Stored data entries:

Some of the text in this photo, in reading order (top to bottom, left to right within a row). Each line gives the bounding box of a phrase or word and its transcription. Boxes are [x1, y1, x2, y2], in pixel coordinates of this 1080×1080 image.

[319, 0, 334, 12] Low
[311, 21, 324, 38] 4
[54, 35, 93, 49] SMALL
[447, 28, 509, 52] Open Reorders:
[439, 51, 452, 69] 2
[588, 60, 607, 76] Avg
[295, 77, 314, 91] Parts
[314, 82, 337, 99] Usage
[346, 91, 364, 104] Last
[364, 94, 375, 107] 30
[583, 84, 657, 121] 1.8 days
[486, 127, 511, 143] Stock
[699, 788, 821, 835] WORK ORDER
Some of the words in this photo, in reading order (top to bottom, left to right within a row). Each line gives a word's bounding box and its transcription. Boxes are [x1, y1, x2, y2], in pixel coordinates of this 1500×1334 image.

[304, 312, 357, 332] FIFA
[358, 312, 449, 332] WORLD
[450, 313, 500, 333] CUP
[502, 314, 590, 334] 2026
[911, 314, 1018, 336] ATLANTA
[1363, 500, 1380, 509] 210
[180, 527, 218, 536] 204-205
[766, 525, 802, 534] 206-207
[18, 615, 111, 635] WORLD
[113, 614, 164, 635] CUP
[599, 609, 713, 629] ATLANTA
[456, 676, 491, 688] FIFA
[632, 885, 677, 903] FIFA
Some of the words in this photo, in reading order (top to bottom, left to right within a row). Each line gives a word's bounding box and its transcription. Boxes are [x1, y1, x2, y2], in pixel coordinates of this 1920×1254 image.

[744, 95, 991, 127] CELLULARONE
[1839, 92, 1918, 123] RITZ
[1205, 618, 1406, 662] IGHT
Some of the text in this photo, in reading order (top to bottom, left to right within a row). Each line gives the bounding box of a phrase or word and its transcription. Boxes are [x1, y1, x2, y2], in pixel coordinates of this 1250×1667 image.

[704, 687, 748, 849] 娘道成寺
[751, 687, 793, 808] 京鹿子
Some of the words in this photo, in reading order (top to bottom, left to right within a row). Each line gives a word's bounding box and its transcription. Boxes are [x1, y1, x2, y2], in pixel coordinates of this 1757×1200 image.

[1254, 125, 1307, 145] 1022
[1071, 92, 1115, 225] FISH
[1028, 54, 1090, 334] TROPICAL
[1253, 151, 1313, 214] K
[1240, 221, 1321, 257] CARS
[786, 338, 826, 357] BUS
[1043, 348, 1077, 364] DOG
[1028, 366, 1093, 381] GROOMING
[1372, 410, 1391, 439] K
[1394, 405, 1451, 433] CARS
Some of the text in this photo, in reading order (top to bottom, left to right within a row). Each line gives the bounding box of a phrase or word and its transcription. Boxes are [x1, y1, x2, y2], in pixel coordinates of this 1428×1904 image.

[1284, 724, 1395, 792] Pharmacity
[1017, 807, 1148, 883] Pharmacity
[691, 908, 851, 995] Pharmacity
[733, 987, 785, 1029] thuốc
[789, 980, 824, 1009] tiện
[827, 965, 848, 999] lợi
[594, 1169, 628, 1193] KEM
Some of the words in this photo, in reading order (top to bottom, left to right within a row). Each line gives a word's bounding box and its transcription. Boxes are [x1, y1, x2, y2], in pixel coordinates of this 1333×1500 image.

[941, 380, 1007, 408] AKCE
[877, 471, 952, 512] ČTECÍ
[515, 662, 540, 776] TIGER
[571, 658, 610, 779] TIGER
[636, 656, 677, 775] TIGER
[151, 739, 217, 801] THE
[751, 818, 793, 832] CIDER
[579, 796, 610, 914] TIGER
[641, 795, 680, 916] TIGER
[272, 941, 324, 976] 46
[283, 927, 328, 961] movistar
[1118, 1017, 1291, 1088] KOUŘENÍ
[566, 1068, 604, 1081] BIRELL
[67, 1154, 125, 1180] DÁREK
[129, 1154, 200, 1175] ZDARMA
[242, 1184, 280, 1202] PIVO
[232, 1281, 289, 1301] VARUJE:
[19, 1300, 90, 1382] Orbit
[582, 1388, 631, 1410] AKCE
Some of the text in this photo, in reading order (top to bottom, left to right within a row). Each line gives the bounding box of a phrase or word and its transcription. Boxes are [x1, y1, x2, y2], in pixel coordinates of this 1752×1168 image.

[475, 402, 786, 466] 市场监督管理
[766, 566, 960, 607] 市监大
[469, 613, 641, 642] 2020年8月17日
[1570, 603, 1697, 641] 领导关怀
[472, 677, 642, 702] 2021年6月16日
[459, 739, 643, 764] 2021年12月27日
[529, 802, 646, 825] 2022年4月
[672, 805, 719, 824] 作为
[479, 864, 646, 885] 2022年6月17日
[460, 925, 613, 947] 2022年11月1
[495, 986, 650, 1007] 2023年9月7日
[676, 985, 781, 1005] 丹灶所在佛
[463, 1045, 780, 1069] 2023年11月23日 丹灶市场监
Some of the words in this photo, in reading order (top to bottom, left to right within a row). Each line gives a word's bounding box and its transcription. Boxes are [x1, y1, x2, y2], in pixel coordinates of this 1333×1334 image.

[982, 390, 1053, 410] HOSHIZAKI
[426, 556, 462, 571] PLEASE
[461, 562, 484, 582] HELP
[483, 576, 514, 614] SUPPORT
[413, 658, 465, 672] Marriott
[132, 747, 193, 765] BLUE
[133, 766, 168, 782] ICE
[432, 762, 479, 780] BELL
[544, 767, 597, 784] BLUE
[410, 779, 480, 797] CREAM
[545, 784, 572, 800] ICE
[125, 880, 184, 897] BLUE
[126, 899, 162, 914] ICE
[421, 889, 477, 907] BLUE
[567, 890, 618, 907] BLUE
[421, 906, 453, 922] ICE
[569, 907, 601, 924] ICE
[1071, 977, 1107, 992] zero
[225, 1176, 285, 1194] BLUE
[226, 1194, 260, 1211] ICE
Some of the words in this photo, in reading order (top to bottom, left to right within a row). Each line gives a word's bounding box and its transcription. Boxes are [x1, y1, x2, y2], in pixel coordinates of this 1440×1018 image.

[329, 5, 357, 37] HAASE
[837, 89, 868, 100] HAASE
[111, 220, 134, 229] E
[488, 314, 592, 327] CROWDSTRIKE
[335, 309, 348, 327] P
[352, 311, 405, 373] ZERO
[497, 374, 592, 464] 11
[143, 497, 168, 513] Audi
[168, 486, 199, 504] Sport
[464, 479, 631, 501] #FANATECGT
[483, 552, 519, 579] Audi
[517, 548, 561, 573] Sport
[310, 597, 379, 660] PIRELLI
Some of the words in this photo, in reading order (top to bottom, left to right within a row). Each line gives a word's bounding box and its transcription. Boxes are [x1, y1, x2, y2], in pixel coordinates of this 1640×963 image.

Problem statement: The data above needs to be retyped in full, exactly as given.

Reply:
Some of the text in this photo, in reading order (top to bottom, left to right within a row). Each line gives the bounding box of a phrase or word and its transcription. Boxes are [x1, y1, x2, y2], in pixel coordinates of this 1080×1080 image.

[319, 0, 334, 12] Low
[311, 21, 324, 38] 4
[54, 35, 93, 49] SMALL
[447, 28, 509, 52] Open Reorders:
[439, 51, 452, 69] 2
[588, 60, 607, 76] Avg
[295, 77, 314, 91] Parts
[314, 82, 337, 99] Usage
[346, 91, 364, 104] Last
[364, 94, 375, 107] 30
[583, 84, 657, 121] 1.8 days
[486, 127, 511, 143] Stock
[699, 788, 821, 835] WORK ORDER
Some of the words in this photo, in reading order (top to bottom, left to right within a row). Each line gives a word's bounding box and its transcription. Boxes are [x1, y1, x2, y2], in pixel coordinates of this 1500×1334 image.

[304, 312, 357, 332] FIFA
[358, 312, 449, 332] WORLD
[450, 313, 500, 333] CUP
[502, 314, 590, 334] 2026
[911, 314, 1018, 336] ATLANTA
[1363, 500, 1380, 509] 210
[180, 527, 218, 536] 204-205
[766, 525, 802, 534] 206-207
[18, 615, 111, 635] WORLD
[113, 614, 164, 635] CUP
[599, 609, 713, 629] ATLANTA
[456, 676, 491, 688] FIFA
[632, 885, 677, 903] FIFA
Some of the words in this photo, in reading order (top to bottom, left to right within a row). Each line gives a word's bounding box and its transcription. Boxes are [x1, y1, x2, y2], in pixel coordinates of this 1920×1254 image.

[744, 95, 991, 127] CELLULARONE
[1839, 92, 1918, 123] RITZ
[1205, 618, 1406, 662] IGHT
Some of the text in this photo, in reading order (top to bottom, left to right within a row). Each line gives the bounding box of a phrase or word and its transcription. Boxes are [x1, y1, x2, y2], in pixel coordinates of this 1250×1667 image.

[704, 687, 748, 849] 娘道成寺
[751, 687, 793, 808] 京鹿子
Some of the words in this photo, in reading order (top to bottom, left to right within a row). Each line gives a word's bounding box and its transcription. Boxes are [x1, y1, x2, y2], in pixel coordinates of this 1757×1200 image.

[1254, 125, 1307, 145] 1022
[1071, 92, 1115, 225] FISH
[1028, 54, 1090, 334] TROPICAL
[1253, 151, 1313, 214] K
[1240, 221, 1321, 257] CARS
[786, 338, 826, 357] BUS
[1043, 348, 1077, 364] DOG
[1028, 366, 1093, 381] GROOMING
[1372, 410, 1391, 439] K
[1394, 405, 1451, 433] CARS
Some of the text in this photo, in reading order (top to bottom, left to right within a row). Each line gives the bounding box of a phrase or word and its transcription. Boxes are [x1, y1, x2, y2], in pixel coordinates of this 1428×1904 image.

[1284, 724, 1395, 792] Pharmacity
[1017, 807, 1148, 883] Pharmacity
[691, 908, 851, 995] Pharmacity
[733, 987, 785, 1029] thuốc
[789, 980, 824, 1009] tiện
[827, 965, 848, 999] lợi
[594, 1169, 628, 1193] KEM
Some of the words in this photo, in reading order (top to bottom, left to right within a row). Each line gives a word's bounding box and its transcription. Boxes are [x1, y1, x2, y2], in pixel coordinates of this 1333×1500 image.

[941, 380, 1007, 408] AKCE
[877, 471, 952, 512] ČTECÍ
[515, 662, 540, 776] TIGER
[571, 658, 610, 779] TIGER
[636, 656, 677, 775] TIGER
[151, 739, 217, 801] THE
[751, 818, 793, 832] CIDER
[579, 796, 610, 914] TIGER
[641, 795, 680, 916] TIGER
[272, 941, 324, 976] 46
[283, 927, 328, 961] movistar
[1118, 1017, 1291, 1088] KOUŘENÍ
[566, 1068, 604, 1081] BIRELL
[67, 1154, 125, 1180] DÁREK
[129, 1154, 200, 1175] ZDARMA
[242, 1184, 280, 1202] PIVO
[232, 1281, 289, 1301] VARUJE:
[19, 1300, 90, 1382] Orbit
[582, 1388, 631, 1410] AKCE
Some of the text in this photo, in reading order (top to bottom, left to right within a row). Each line gives the bounding box of a phrase or word and its transcription. Boxes are [x1, y1, x2, y2], in pixel coordinates of this 1752×1168 image.

[475, 402, 786, 466] 市场监督管理
[766, 566, 960, 607] 市监大
[469, 613, 641, 642] 2020年8月17日
[1570, 603, 1697, 641] 领导关怀
[472, 677, 642, 702] 2021年6月16日
[459, 739, 643, 764] 2021年12月27日
[529, 802, 646, 825] 2022年4月
[672, 805, 719, 824] 作为
[479, 864, 646, 885] 2022年6月17日
[460, 925, 613, 947] 2022年11月1
[495, 986, 650, 1007] 2023年9月7日
[676, 985, 781, 1005] 丹灶所在佛
[463, 1045, 780, 1069] 2023年11月23日 丹灶市场监
Some of the words in this photo, in reading order (top to bottom, left to right within a row). Each line gives a word's bounding box and its transcription. Boxes are [x1, y1, x2, y2], in pixel coordinates of this 1333×1334 image.

[982, 390, 1053, 410] HOSHIZAKI
[426, 556, 462, 571] PLEASE
[461, 562, 484, 582] HELP
[483, 576, 514, 614] SUPPORT
[413, 658, 465, 672] Marriott
[132, 747, 193, 765] BLUE
[133, 766, 168, 782] ICE
[432, 762, 479, 780] BELL
[544, 767, 597, 784] BLUE
[410, 779, 480, 797] CREAM
[545, 784, 572, 800] ICE
[125, 880, 184, 897] BLUE
[126, 899, 162, 914] ICE
[421, 889, 477, 907] BLUE
[567, 890, 618, 907] BLUE
[421, 906, 453, 922] ICE
[569, 907, 601, 924] ICE
[1071, 977, 1107, 992] zero
[225, 1176, 285, 1194] BLUE
[226, 1194, 260, 1211] ICE
Some of the words in this photo, in reading order (top to bottom, left to right within a row). Each line gives a word's bounding box and its transcription. Boxes are [x1, y1, x2, y2], in pixel coordinates of this 1440×1018 image.

[329, 5, 357, 37] HAASE
[837, 89, 868, 100] HAASE
[111, 220, 134, 229] E
[488, 314, 592, 327] CROWDSTRIKE
[335, 309, 348, 327] P
[352, 311, 405, 373] ZERO
[497, 374, 592, 464] 11
[143, 497, 168, 513] Audi
[168, 486, 199, 504] Sport
[464, 479, 631, 501] #FANATECGT
[483, 552, 519, 579] Audi
[517, 548, 561, 573] Sport
[310, 597, 379, 660] PIRELLI
Some of the words in this photo, in reading order (top to bottom, left to right within a row). Each line gives a word's bounding box and its transcription. Boxes are [x1, y1, x2, y2], in pixel coordinates of this 1640×963 image.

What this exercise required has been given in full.